# New boat build-ready for the water!



## Pumpgunner (Jan 12, 2010)

Well guys, I was able to get some work done over the week and get things mostly finished up-she's pretty much ready for the water!

****pit coamings on







[/URL]

After primer and a ton of sanding, I did the base coat with Dead Grass Green FME from Lock, Stock, and Barrel-hands down the best boat paint I've ever used




Then I sprayed a camo pattern with Dead Grass Brown and Tan FME







I glued a closed cell mat into the bottom of the hull for a floor-I'm excited to see how it works out, it seem like it will give good traction and be a comfortable place to sit for hunting out of the boat.



The actual launch date will have to wait a week or so, my muzzleloader deer hunt starts on Wednesday and I will be spending a few days up in the mountains-I might have a hard time concentrating on deer hunting knowing I have a nearly finished, unlaunched boat at home!

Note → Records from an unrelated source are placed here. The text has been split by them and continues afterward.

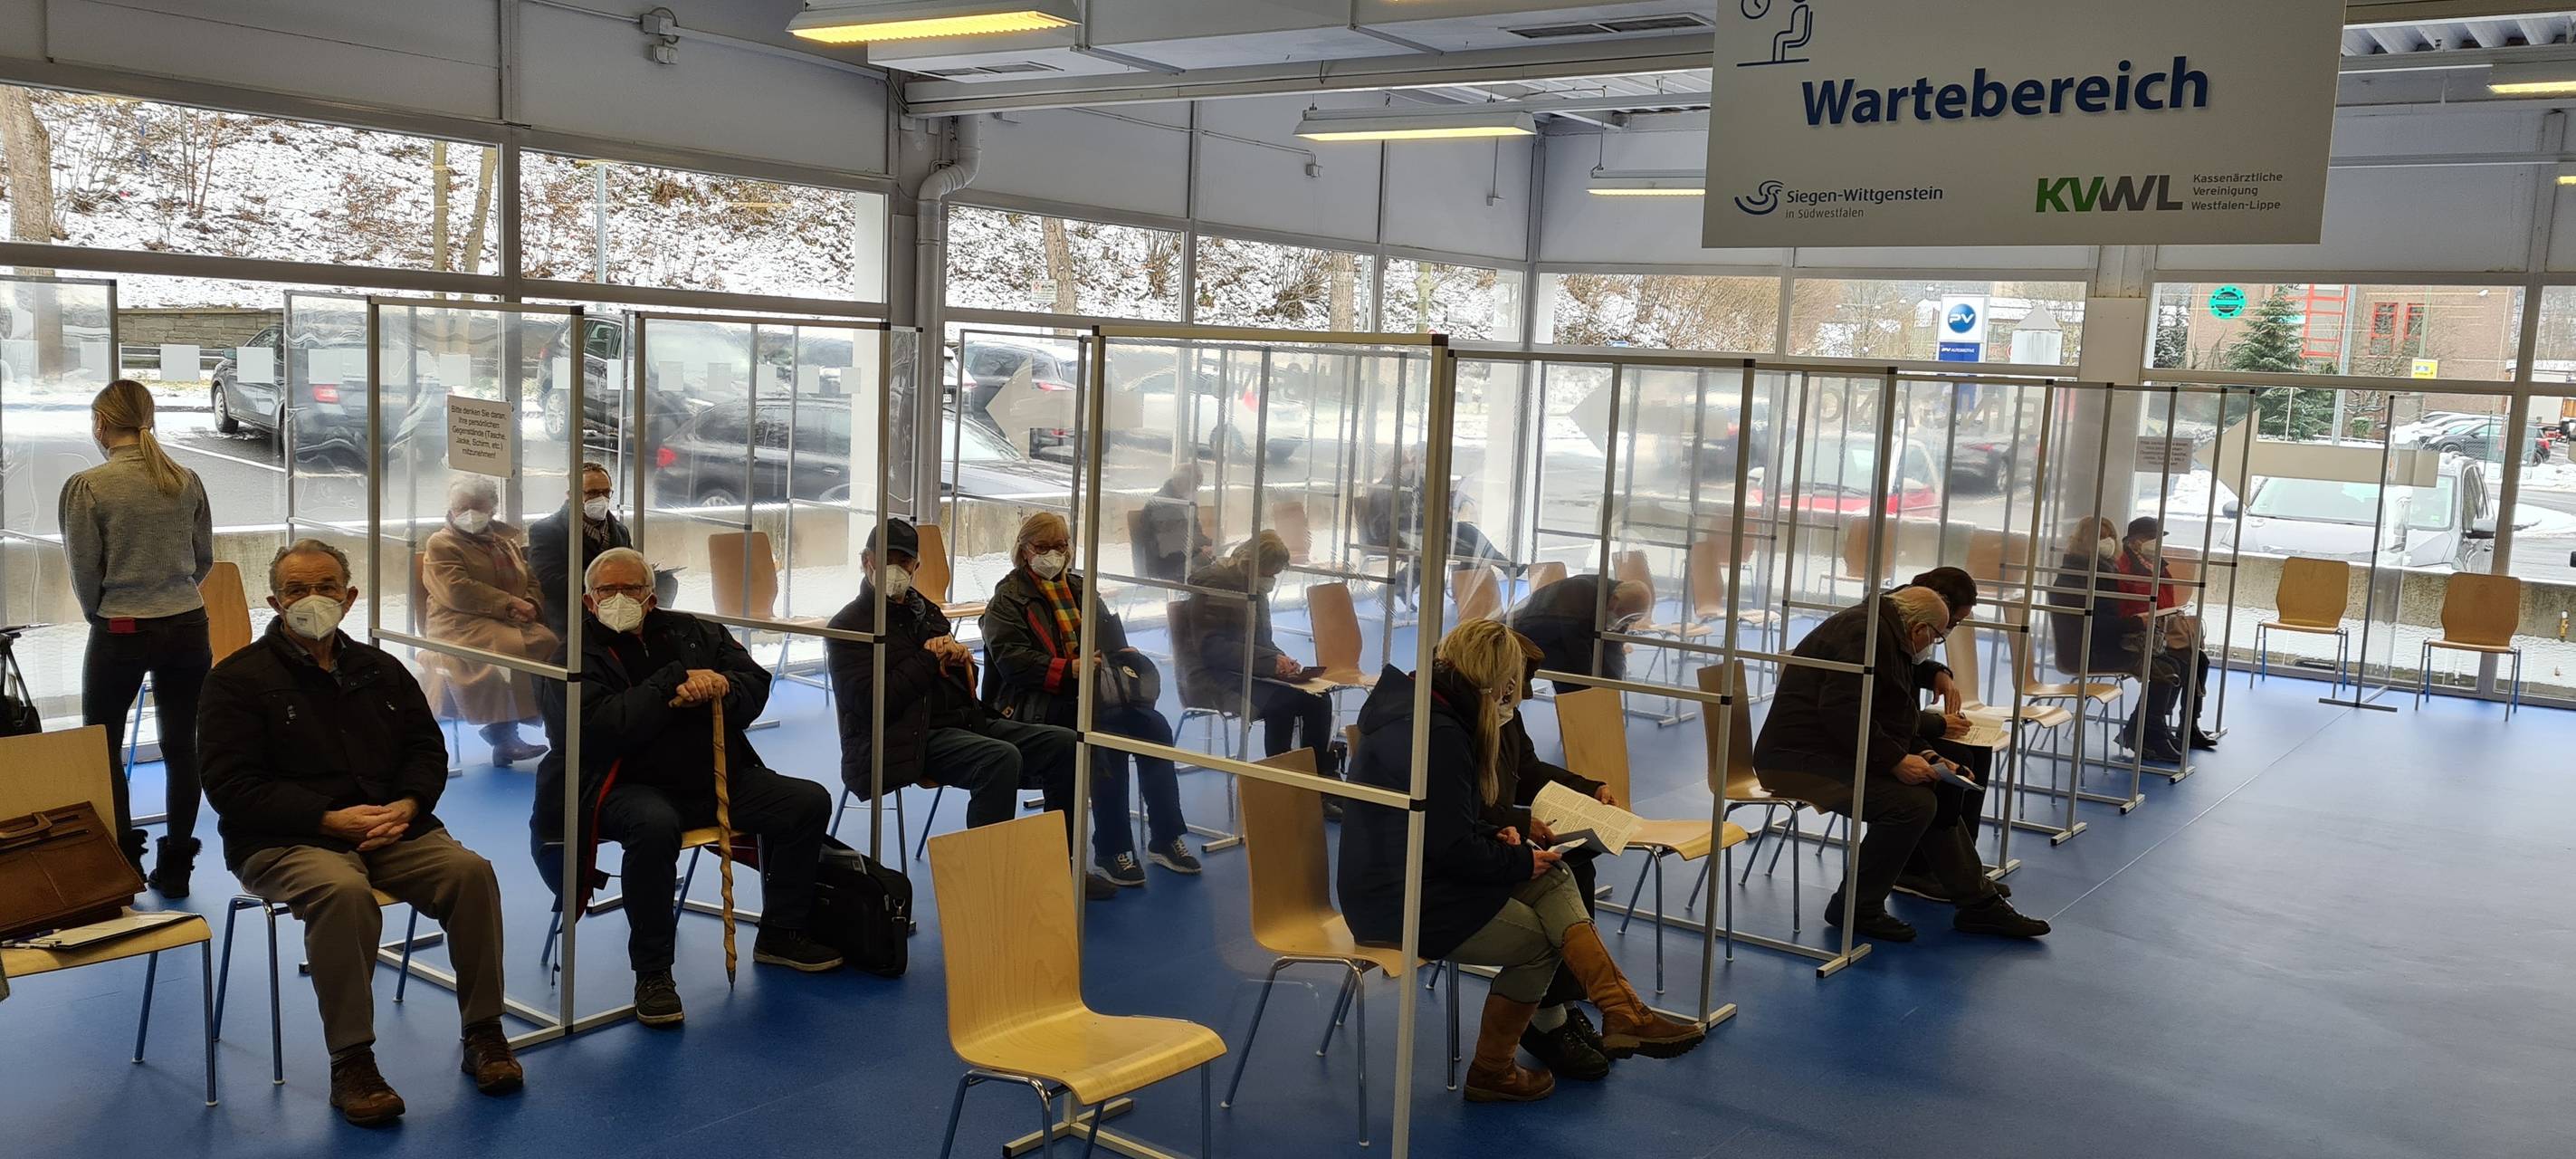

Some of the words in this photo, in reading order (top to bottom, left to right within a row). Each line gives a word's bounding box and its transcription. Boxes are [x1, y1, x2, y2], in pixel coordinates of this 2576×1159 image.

[1801, 55, 2209, 127] Wartebereich
[2192, 172, 2284, 184] Kassenärztliche
[1786, 186, 1944, 206] Siegen-Wittgenstein
[2035, 174, 2184, 213] KVWL
[2192, 185, 2259, 197] Vereinigung
[2190, 199, 2282, 212] Westfalen-Lippe
[1785, 208, 1795, 219] in
[1798, 207, 1865, 219] Südwestfalen
[1949, 313, 1975, 324] PV

Pretty much all that is left to do is to get the oarlock system figured out and get her on the water!


----------



## dubob (Sep 8, 2007)

*Very nice!*

Very nice indeed! We have a winner!

:rockon:


----------



## dixieboy (Jul 26, 2013)

That's amazing work, wish like he** I was able to turn out a product like that. Thanks for sharing!


----------



## hnt4food (Oct 28, 2009)

That looks great. I have been planning on building a similar boat as well. If you don't mind saying, where did you get the design from and were did you buy your material from. I have been looking for a place that sells okoume or meranti plywood.


----------



## LostLouisianian (Oct 11, 2010)

Very awesome work !!!! Color me jealous. :mrgreen:


----------



## Pumpgunner (Jan 12, 2010)

Thanks you guys! I will post some water shots when I get her out. hnt4food-this particular design is a Sam Devlin poleboat, I usually build my own designs but Devlin has some really nice looking boats and this one interested me for a while. Actually it's the first boat I've built straight from plans without modifying it a bit. This one is 6mm meranti, I like Okoume too as it's a bit lighter and more flexible but the Meranti is a good bit cheaper. Macbeath Hardwood in SLC sells both meranti and okoume if you are looking for some.


----------



## paddler (Jul 17, 2009)

Cody, I saw your modified Black Brant 3 on Devlin's website. Very cool!

Nice work on the new boat. What is the weight? I'd like to know how fast you can row that thing.


----------



## OKEE (Jan 3, 2008)

Very Nice!


----------



## wyogoob (Sep 7, 2007)

Beautiful. You are one talented feller.


----------



## Packfish (Oct 30, 2007)

Very sweet- now a nice wooden canoe for me


----------



## GaryFish (Sep 7, 2007)

That is AWESOME! One of these days I'll build a boat. You inspire me. Thanks for sharing this!


----------



## Pumpgunner (Jan 12, 2010)

Thanks again guys! I got out on the water for a brief test last night-she's very responsive to the pushpole and paddle, only takes a really light touch to get her going. Paddler-thanks, she weighs right about 85lbs, could have built her lighter but I will sacrifice a bit of weight for some extra durability. I sold that BB3 this summer, hard decision but she'll be a great boat for the guys that bought her! I will miss her though...
Packfish-I'd love to, stitch and glue or cedar strip? :grin:


----------